Today the Kindertransport, which brought around 10,000 German, Austrian and Czech children, almost all Jewish, to safety in Britain, is held up as a shining example of British generosity and compassion, and of our country’s opposition to antisemitism. The saving of thousands of children’s lives is definitely worthy of celebration; but the post-war legend of a heroic British effort to rescue Jewish children is not really the full story. It was led and organised by private individuals and organisations, and those children who did make it to Britain needed private sponsors who would pay for them. Their parents were deliberately excluded from the scheme, because the British government thought that the public would not accept thousands more adult Jewish refugees on top of those already here.
I doubt that the marketing teams at Warner Bros or HMV intended to convey this complicated history through the omission of Jews and opaque references to “Central European children”. More likely that they inadvertently stumbled on something closer to the truth than they intended or realised because they confused universalism - making the children generic refugees - with inclusivity, which involves recognising them as Jewish *and* universally sympathetic.

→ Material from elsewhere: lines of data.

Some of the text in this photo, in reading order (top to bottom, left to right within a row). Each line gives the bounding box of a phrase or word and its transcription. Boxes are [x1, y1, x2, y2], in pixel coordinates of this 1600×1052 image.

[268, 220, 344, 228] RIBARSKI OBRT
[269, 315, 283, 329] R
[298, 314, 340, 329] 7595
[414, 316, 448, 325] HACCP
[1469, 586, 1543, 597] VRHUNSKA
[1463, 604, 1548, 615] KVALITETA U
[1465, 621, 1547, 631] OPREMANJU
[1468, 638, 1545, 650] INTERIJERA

The online reaction to the omission of Jews from the original marketing shows just how hurtful this was, and it can’t be separated from more general Jewish sensitivities over antisemitism. Jewish fears of the heightened antisemitism we are living through right now are entwined with a parallel concern that antisemitism is consistently downplayed or ignored by people, especially on the left, who are usually quick to support victims of racism. It’s a double hit: not only are we under greater attack, but we are less likely to get support. There is a pervasive sense that many on the anti-racist left do not see antisemitism as a form of racism at all, or certainly not one worth bothering with, because Jews are no longer viewed as an oppressed people who can suffer racism. In this atmosphere, a film that presents Jews as helpless refugees, poor and downtrodden, relying on help from sympathetic strangers (who in reality were largely from the left), doesn’t fit. Far easier and more in line with the zeitgeist to obscure their Jewishness and present them as generic “Central Europeans”. At least, that’s what a lot of people assumed was going on when they saw that tweet from HMV.

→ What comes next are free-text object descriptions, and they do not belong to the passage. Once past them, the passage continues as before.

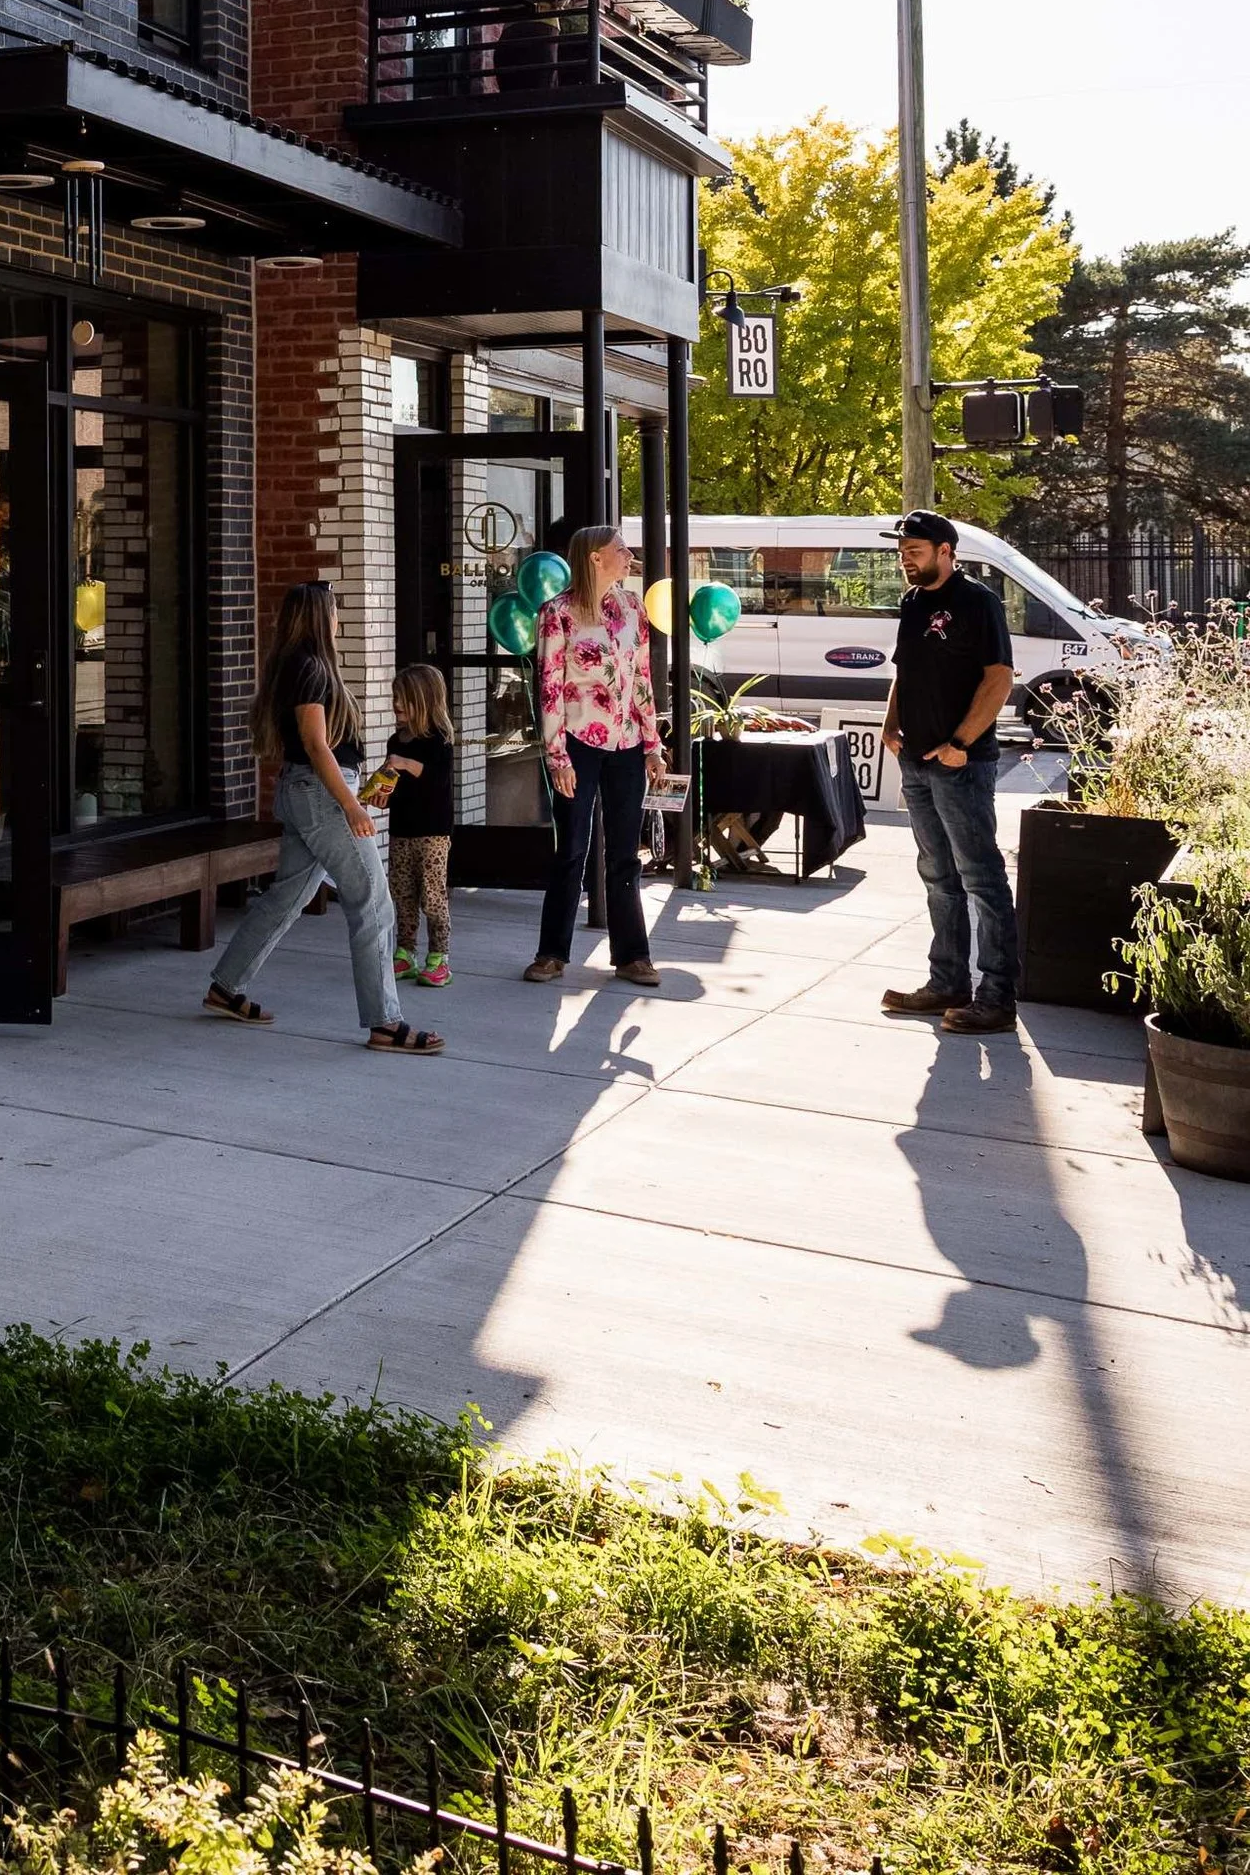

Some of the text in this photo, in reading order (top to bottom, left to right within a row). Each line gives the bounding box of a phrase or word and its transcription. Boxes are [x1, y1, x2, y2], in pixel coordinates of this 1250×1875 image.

[738, 324, 768, 354] BO
[738, 357, 768, 387] RO
[440, 563, 516, 577] BALLPOI
[1064, 644, 1086, 655] 647
[848, 731, 875, 759] BO
[851, 762, 872, 790] O

It’s a reminder that any attempt to portray history - even something you’d think is as straightforward as a story about rescuing children from Nazis - will be interpreted and judged through the political and social framing of today. It’s hard to avoid, even though the identity politics of 2023 are far removed from the racial politics of the 1930s. And that’s a shame, because Nicholas Winton and his colleagues really were heroes who performed remarkable deeds of courage and selfless humanity, and theirs is a story that is definitely worth telling.

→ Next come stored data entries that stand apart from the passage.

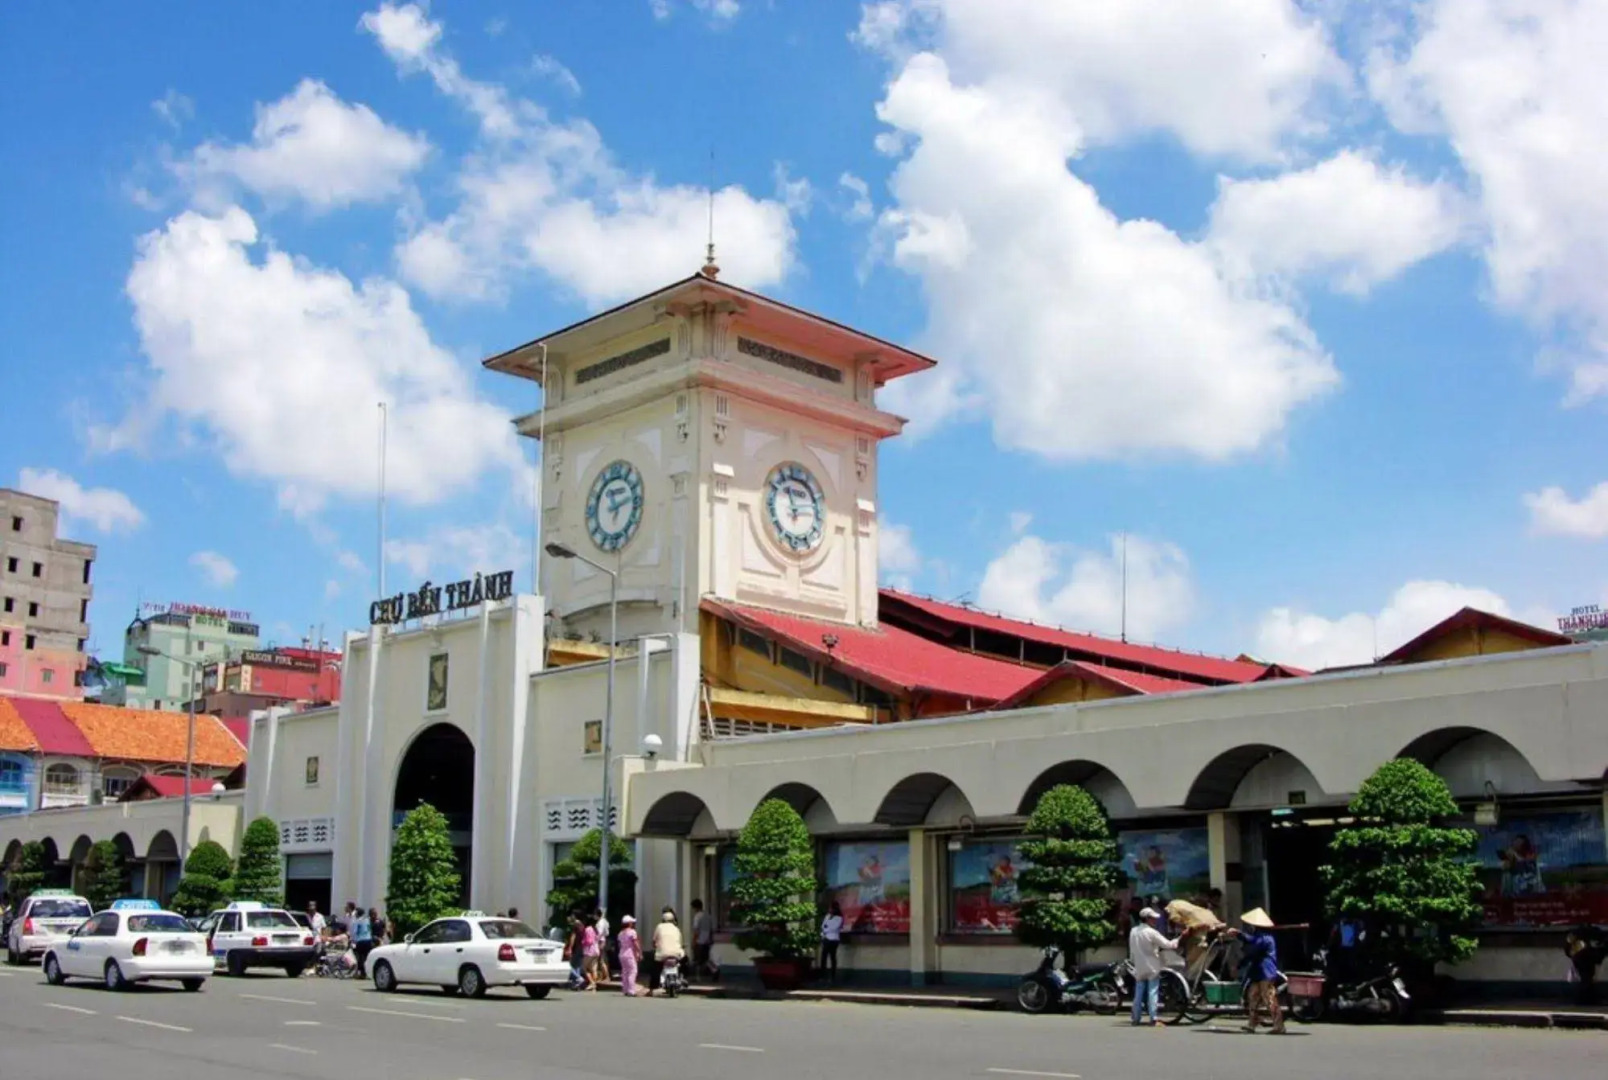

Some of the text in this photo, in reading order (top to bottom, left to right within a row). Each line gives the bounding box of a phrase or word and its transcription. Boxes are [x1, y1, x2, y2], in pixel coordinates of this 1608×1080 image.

[407, 580, 442, 618] BẾN
[445, 570, 514, 610] THÀNH
[1571, 604, 1600, 615] HOTEL
[195, 615, 224, 628] HOTEL
[245, 651, 272, 662] SAIGON
[275, 655, 293, 666] PINK

As you say, "It’s a double hit: not only are we under greater attack, but we are less likely to get support." I'm not Jewish (so it's not "we" for me), but I'm not blind.
Winton himself was born to Jewish parents who had immigrated from Germany and converted to Christianity when Winton was a child and changed the family name from Wertheim. Why the rescue of Jewish children wasn't prioritized is hard to fathom, other than for the usual reason, I'd guess.